TASK DETAILS:
Your answer must consist of the records below, reproduced exactly, with every picture removed.

DATA FOR THIS TASK:

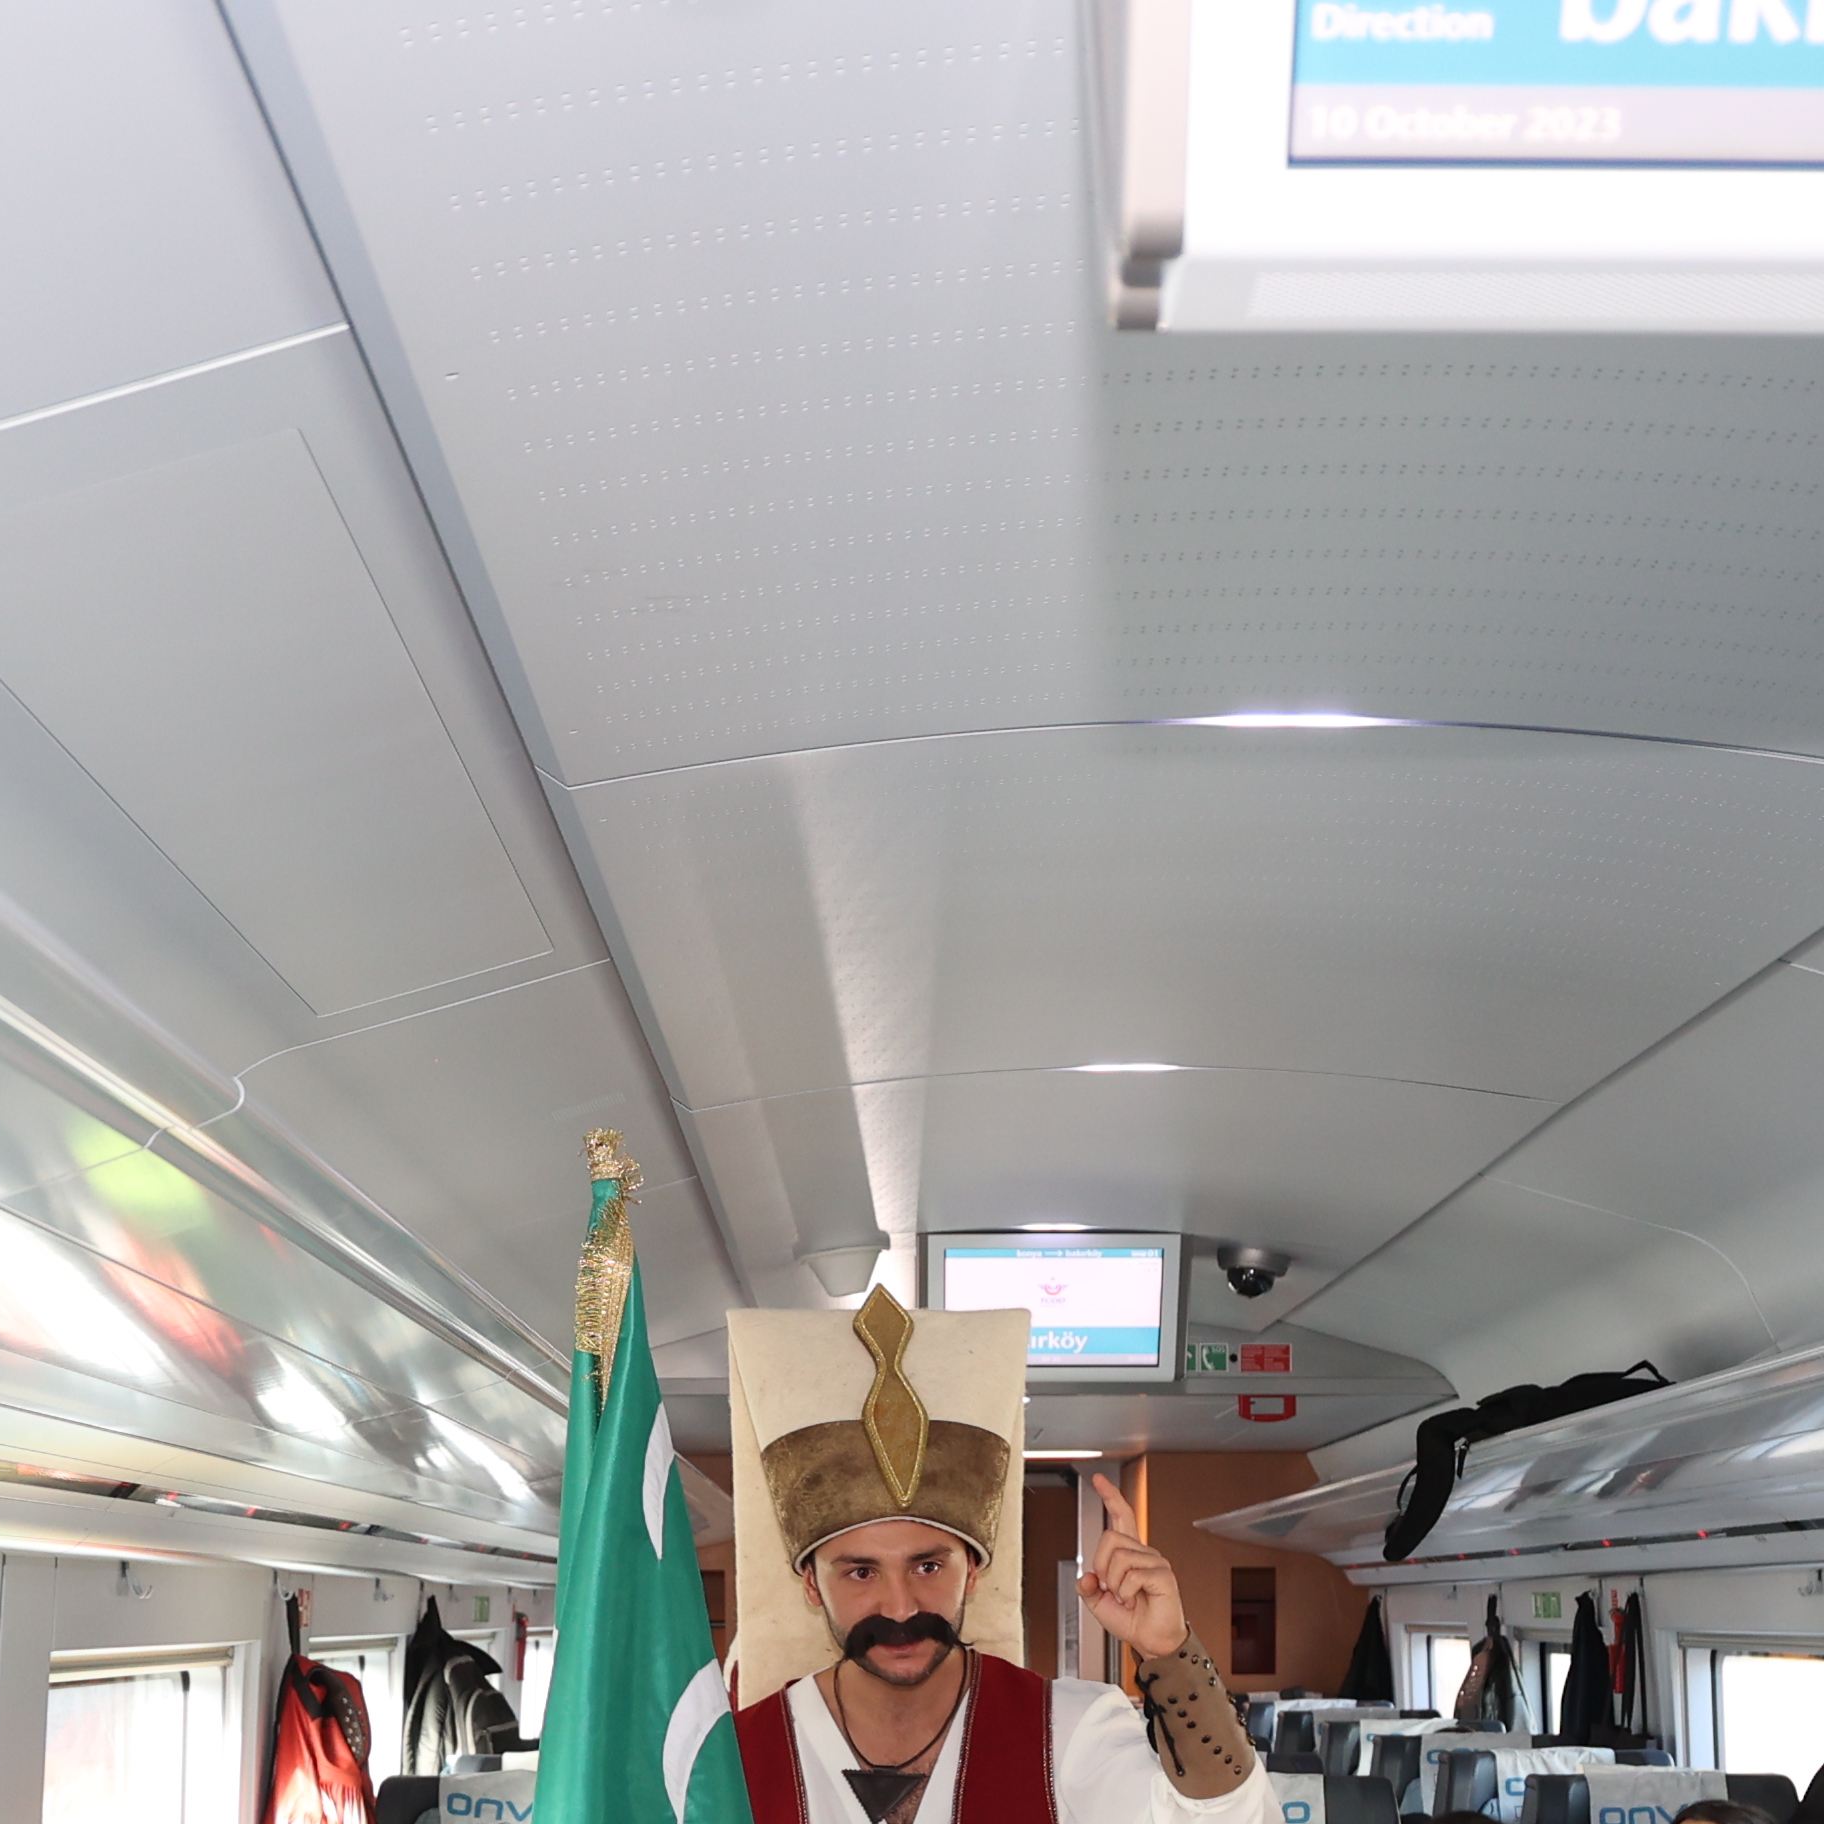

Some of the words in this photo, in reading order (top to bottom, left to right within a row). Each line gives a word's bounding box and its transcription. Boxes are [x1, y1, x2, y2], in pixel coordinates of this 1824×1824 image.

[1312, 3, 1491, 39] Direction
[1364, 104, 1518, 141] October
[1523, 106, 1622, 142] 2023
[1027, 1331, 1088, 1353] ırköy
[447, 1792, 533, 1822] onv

ANSWER TO THE PROBLEM:
Some of the words in this photo, in reading order (top to bottom, left to right within a row). Each line gives a word's bounding box and its transcription. Boxes are [x1, y1, x2, y2], in pixel coordinates of this 1824×1824 image.

[1312, 3, 1491, 39] Direction
[1364, 104, 1518, 141] October
[1523, 106, 1622, 142] 2023
[1027, 1331, 1088, 1353] ırköy
[447, 1792, 533, 1822] onv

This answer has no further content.